Thursday, April 01, 2010

(Inter)National Poetry Month + Poems: Lucille Clifton & Ai

It wouldn't be (Inter)National Poetry Month without some J's Theater poems, would it? So, to start us off, here are poems by Lucille Clifton (1936-2010) and Ai (1947-2010), both of whom have left us with their words this year. I won't post bios, as those are widely available; I'll let their artistry, so differently and amply demonstrated in these works, speak for them.

wishes for sons

by Lucille Clifton

i wish them cramps.
i wish them a strange town
and the last tampon.
i wish them no 7-11.

i wish them one week early
and wearing a white skirt.
i wish them one week late.

later i wish them hot flashes
and clots like you
wouldn't believe. let the
flashes come when they
meet someone special.
let the clots come
when they want to.

let them think they have accepted
arrogance in the universe,
then bring them to gynecologists
not unlike themselves.

Lucille Clifton, "wishes for sons" from Next: New Poems. Copyright © 1987 by Lucille Clifton. Reprinted with the permission of BOA Editions, Ltd.

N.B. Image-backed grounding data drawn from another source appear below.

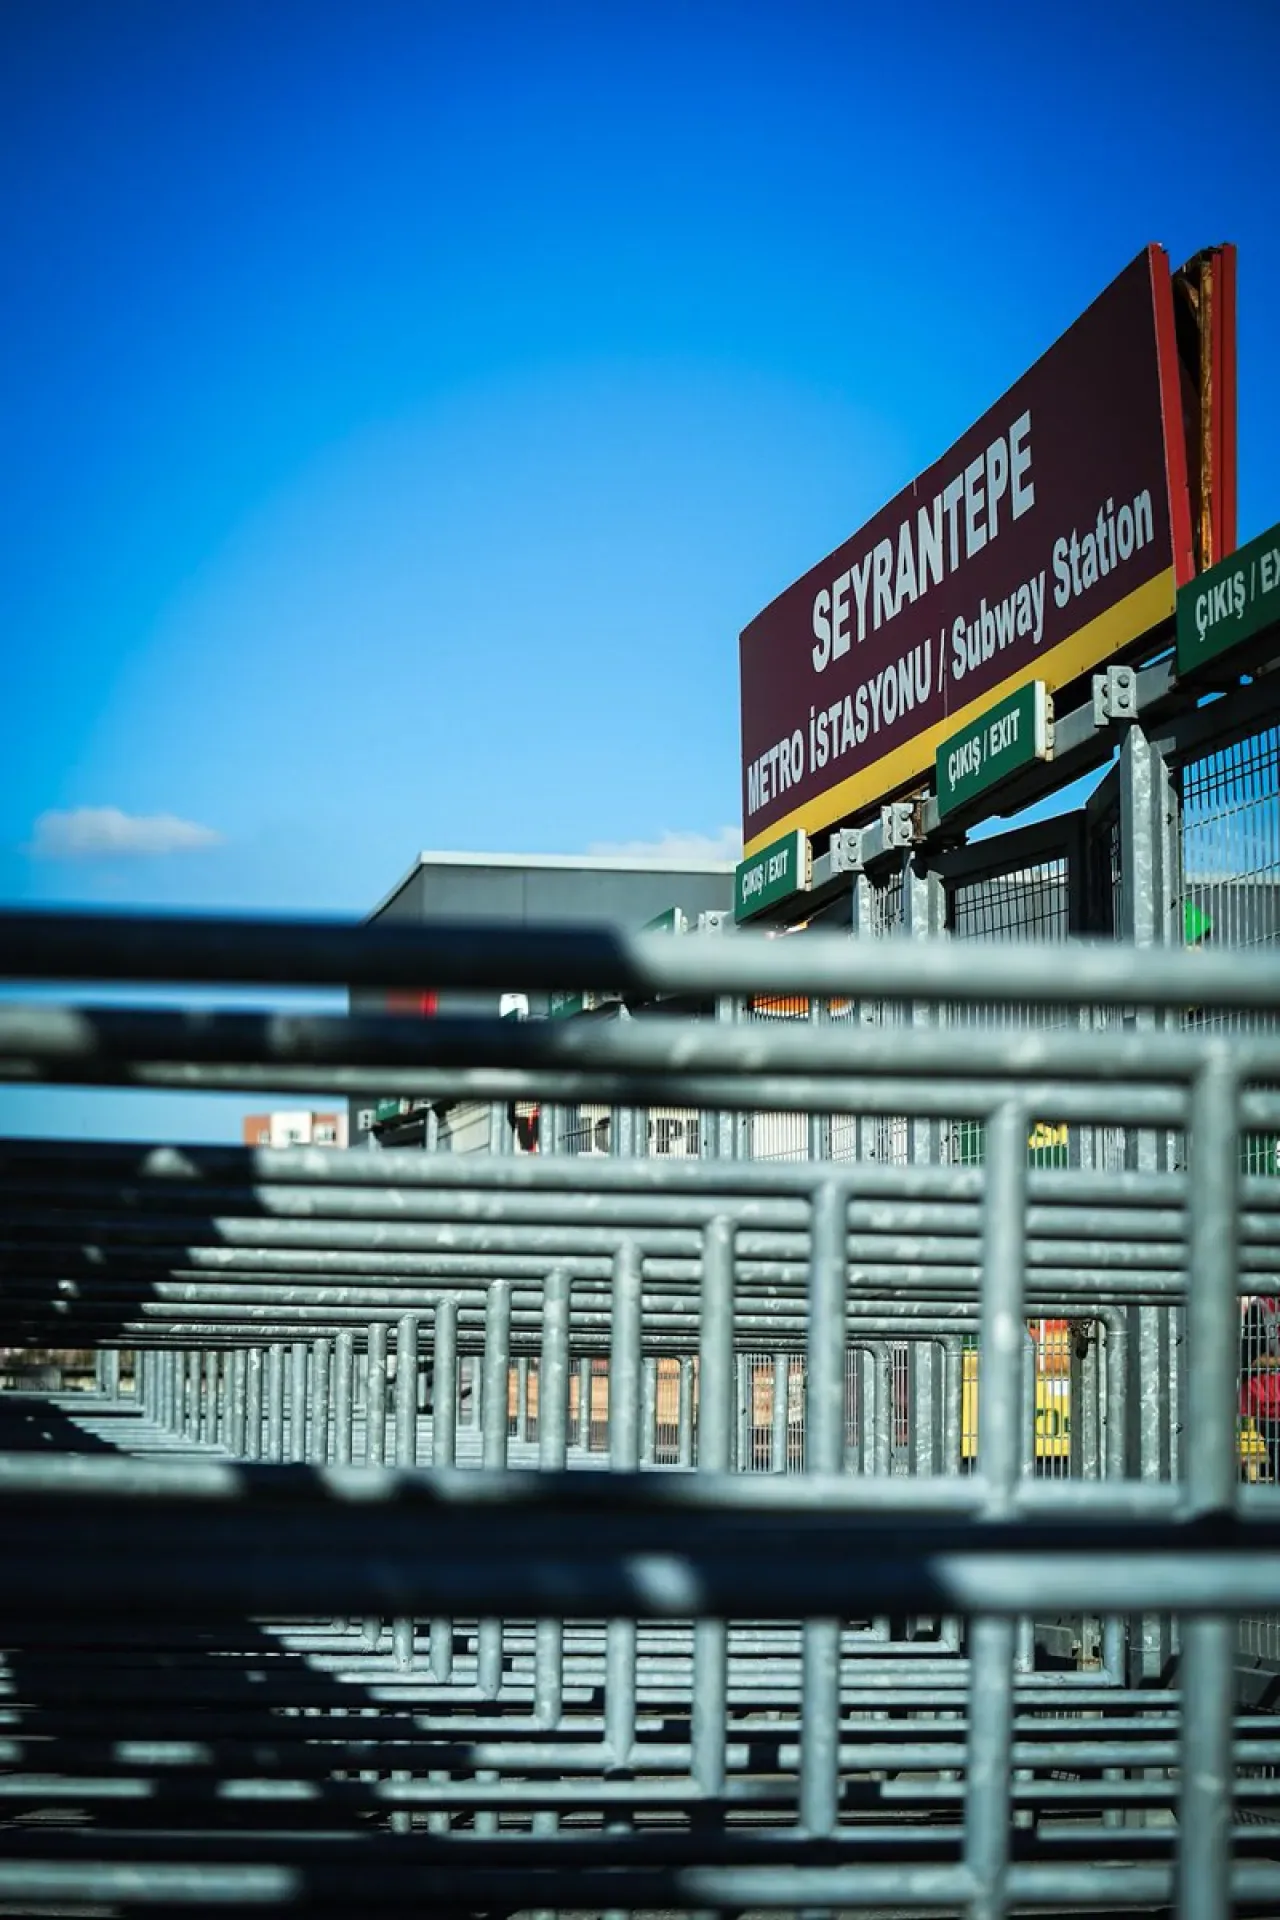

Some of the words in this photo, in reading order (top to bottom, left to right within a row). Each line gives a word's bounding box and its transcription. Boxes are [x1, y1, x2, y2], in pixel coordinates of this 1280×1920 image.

[812, 410, 1035, 672] SEYRANTEPE
[1195, 570, 1246, 643] ÇIKIŞ
[1250, 561, 1256, 602] /
[747, 729, 804, 816] METRO
[810, 640, 932, 772] İSTASYONU
[938, 629, 946, 693] /
[951, 571, 1046, 681] Subway
[1053, 489, 1153, 609] Station
[948, 736, 981, 792] ÇIKIŞ
[983, 729, 988, 762] /
[990, 707, 1020, 756] EXIT
[769, 848, 789, 883] EXIT
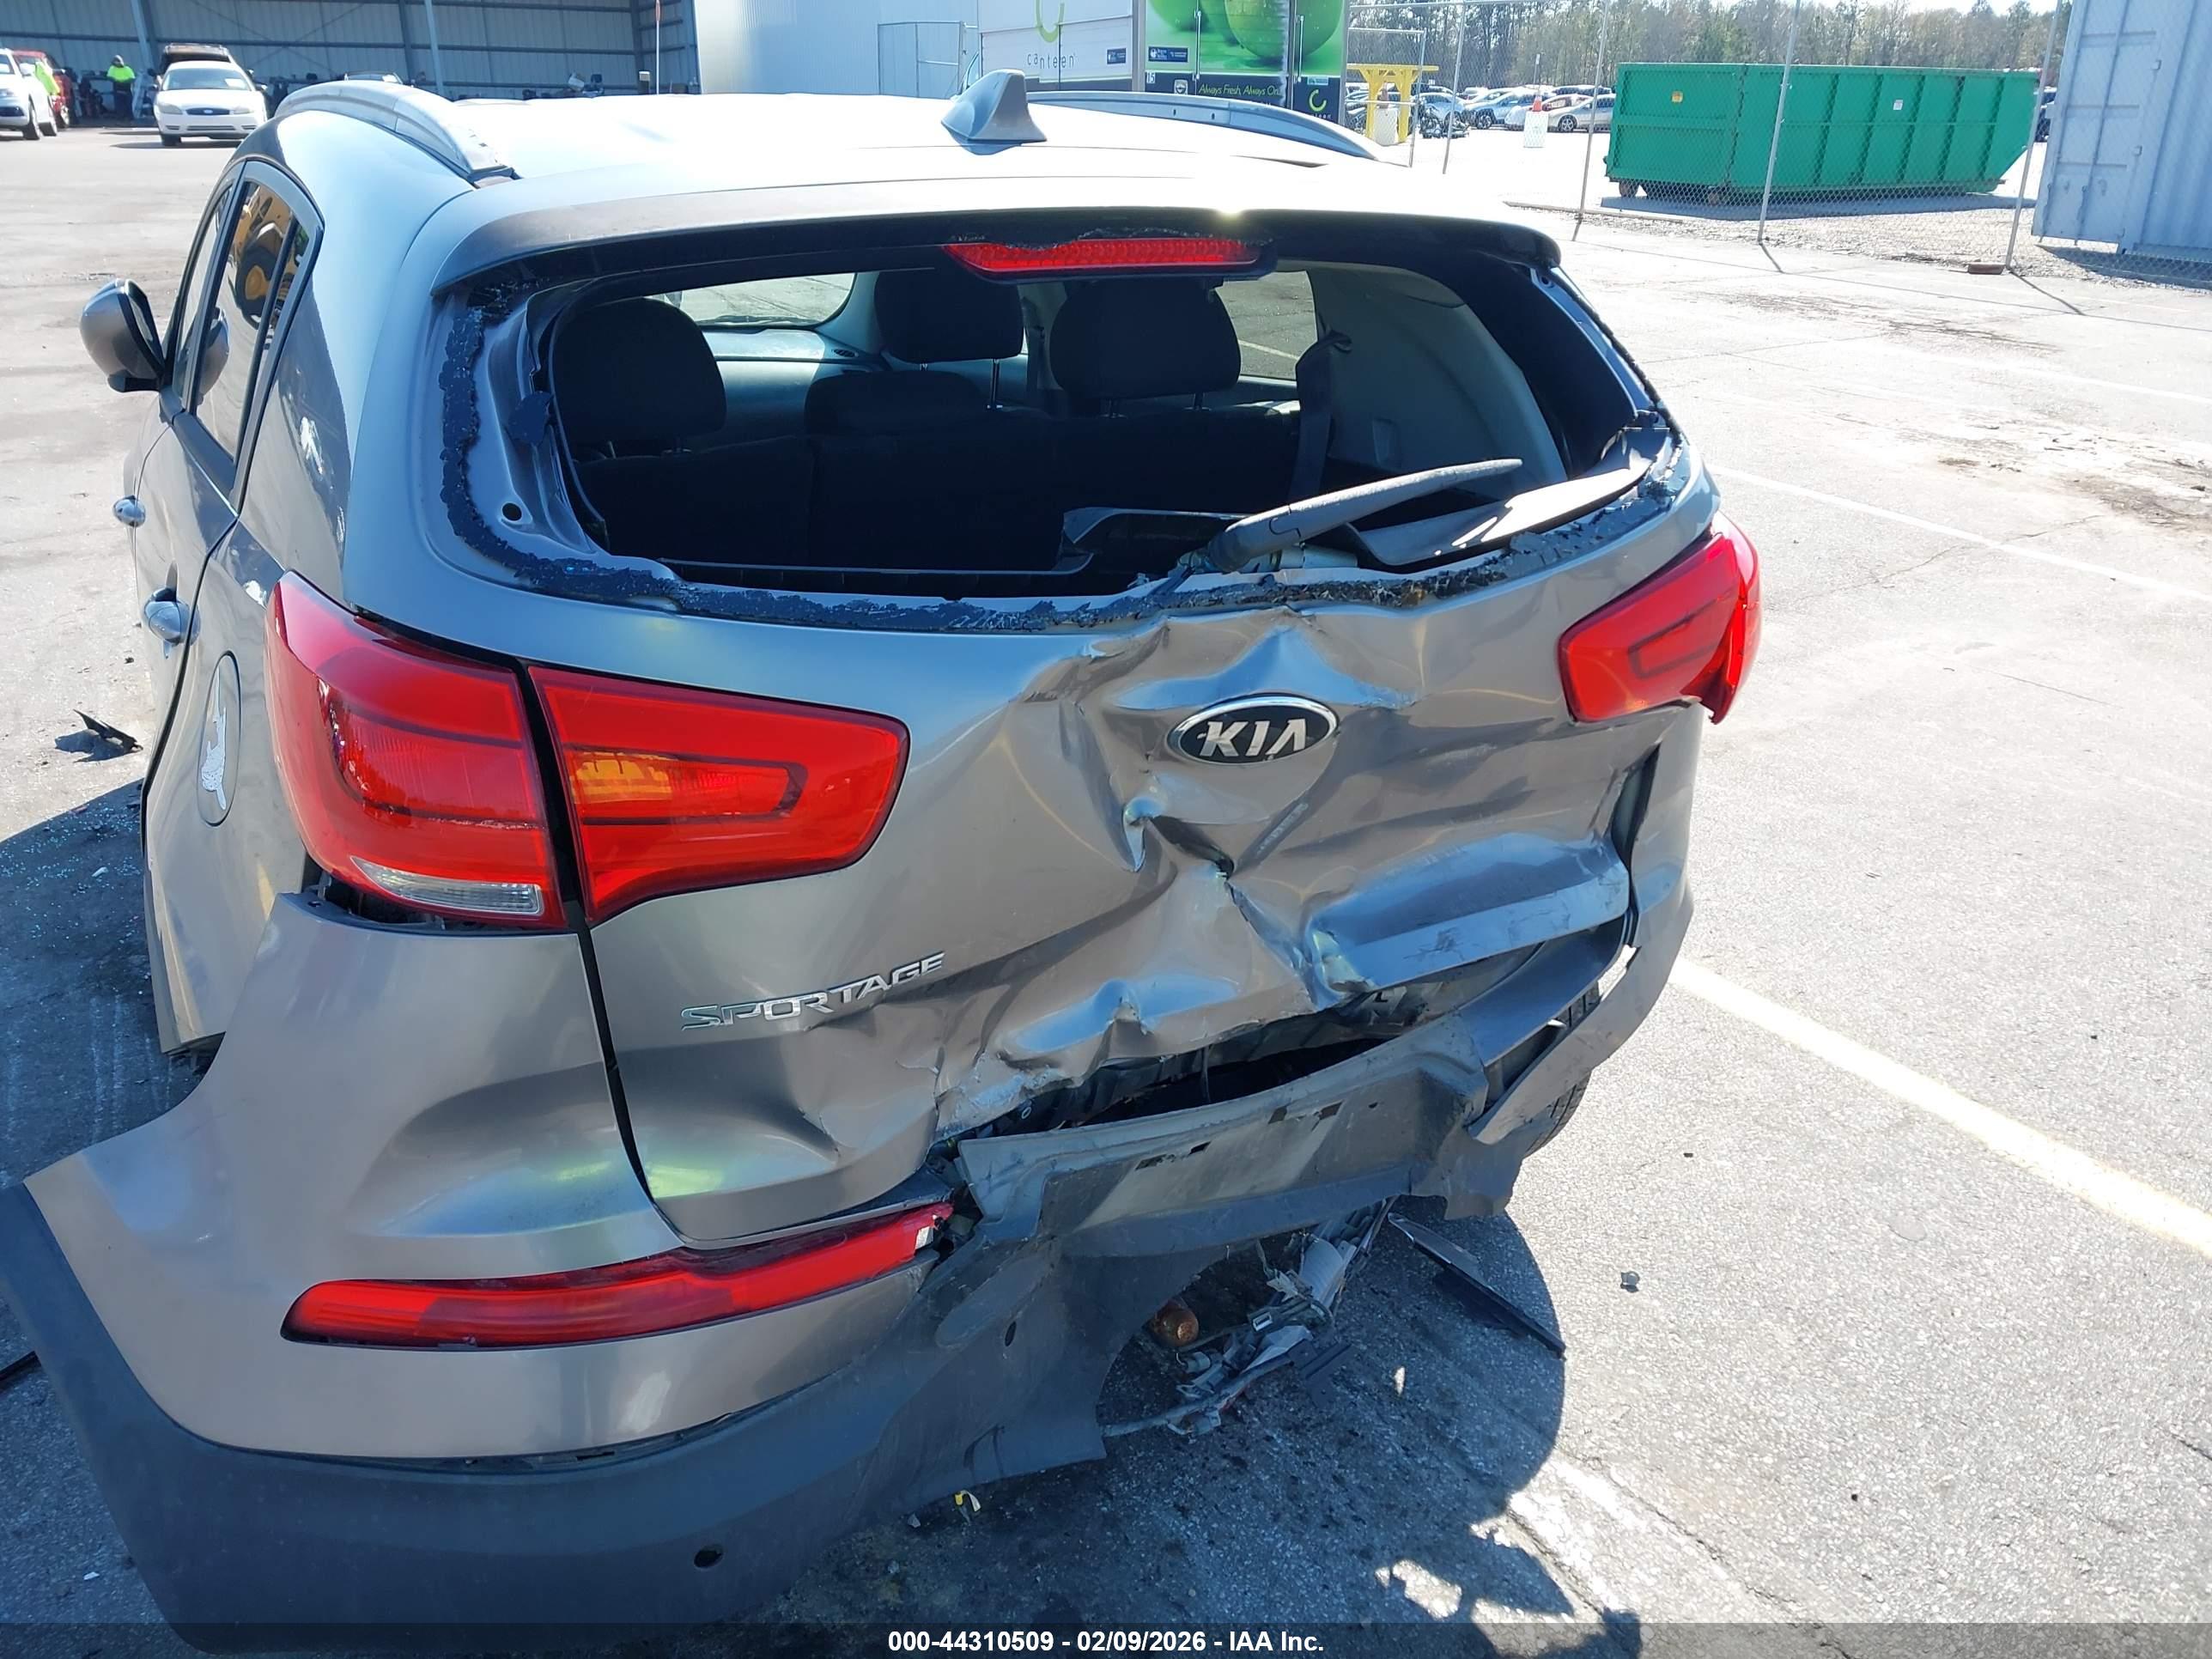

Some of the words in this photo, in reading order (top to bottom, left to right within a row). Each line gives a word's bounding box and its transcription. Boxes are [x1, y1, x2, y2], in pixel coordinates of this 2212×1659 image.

[1027, 53, 1074, 69] canteen
[1199, 83, 1222, 95] Always
[1243, 85, 1266, 96] Always
[1197, 718, 1307, 757] KIA
[681, 951, 945, 1031] SPORTAGE
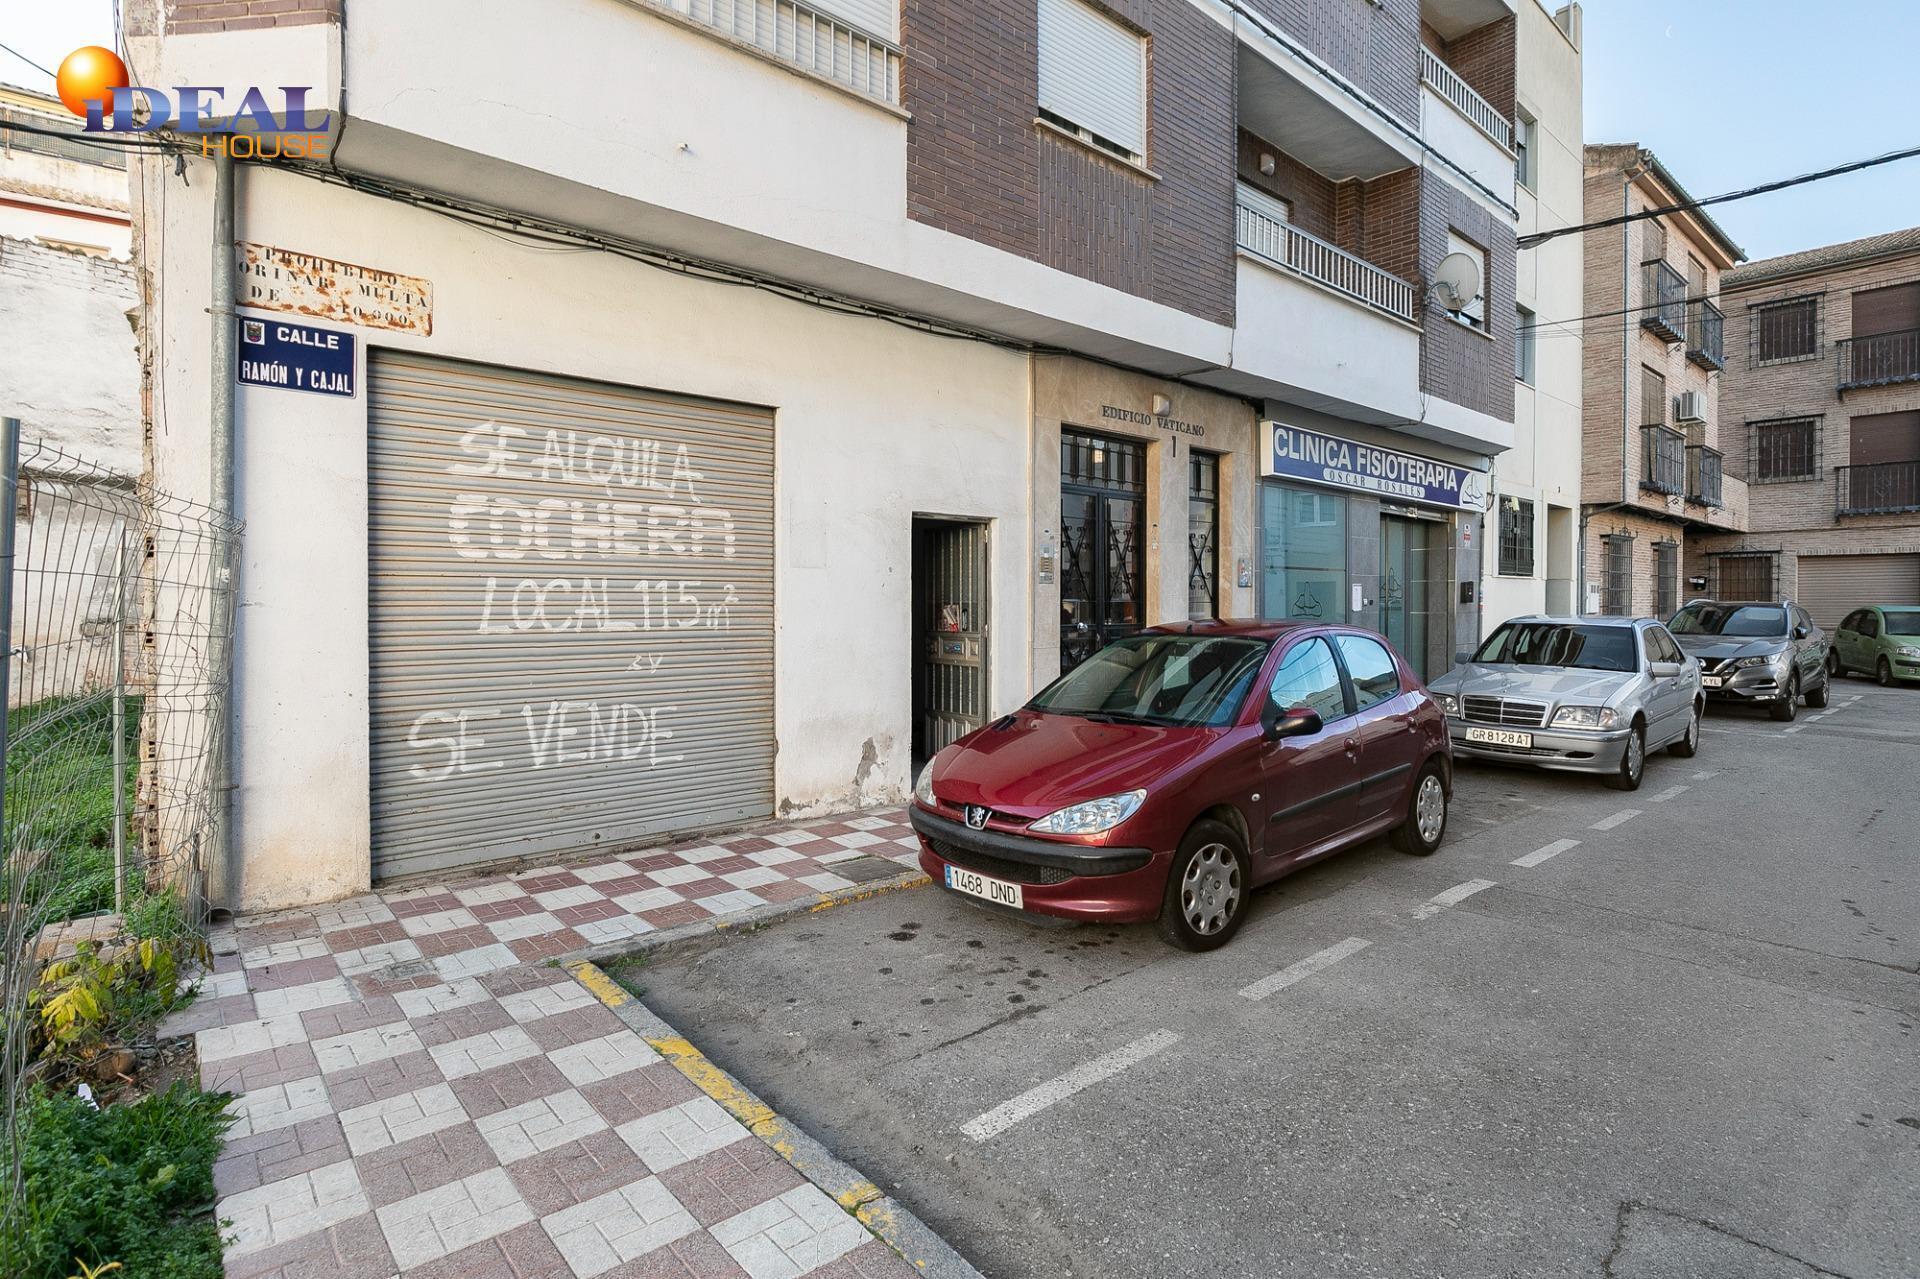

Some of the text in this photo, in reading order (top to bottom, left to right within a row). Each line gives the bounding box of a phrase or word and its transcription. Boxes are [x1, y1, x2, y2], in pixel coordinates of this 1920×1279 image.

Source: Next: New Poems (BOA Editions, Ltd., 1987)

***

Nothing But Color

by Ai

for Yukio Mishima

I didn’t write Etsuko,
I sliced her open.
She was carmine inside
like a sea bass
and empty.
No viscera, nothing but color.
I love you like that, boy.
I pull the kimono down around your shoulders
and kiss you.
Then you let it fall open.
Each time, I cut you a little
and when you leave, I take the piece,
broil it, dip it in ginger sauce
and eat it. It burns my mouth so.
You laugh, holding me belly-down
with your body.
So much hurting to get to this moment,
when I’m beneath you,
wanting it to go on and to end.

At midnight, you say see you tonight
and I answer there won’t be any tonight,
but you just smile, swing your sweater
over your head and tie the sleeves around your neck.
I hear you whistling long after you disappear
down the subway steps,
as I walk back home, my whole body tingling.
I undress
and put the bronze sword on my desk
beside the crumpled sheet of rice paper.
I smooth it open
and read its single sentence:
I meant to do it.
No. It should be common and feminine
like I can’t go on sharing him,
or something to imply that.
Or the truth:
that I saw in myself
the five signs of the decay of the angel
and you were holding on, watching and free,
that I decided to go out
with the pungent odor
of this cold and consuming passion in my nose: death.
Now, I’ve said it. That vulgar word
that drags us down to the worms, sightless, predestined.
Goddamn you, boy.
Nothing I said mattered to you;
that bullshit about Etsuko or about killing myself.
I tear the note, then burn it.
The alarm clock goes off. 5:45 A.M.
I take the sword and walk into the garden.
I look up. The sun, the moon,
two round teeth rock together
and the light of one chews up the other.
I stab myself in the belly,
wait, then stab myself again. Again.
It’s snowing. I’ll turn to ice,
but I’ll burn anyone who touches me.
I start pulling my guts out,
those red silk cords,
spiraling skyward,
and I’m climbing them
past the moon and the sun,
past darkness
into white.
I mean to live.

Ai, “Nothing But Color” from Vice: New and Selected Poems. Copyright © 1999 by Ai. Reprinted with the permission of W. W. Norton & Company, Inc., www.nortonpoets.com.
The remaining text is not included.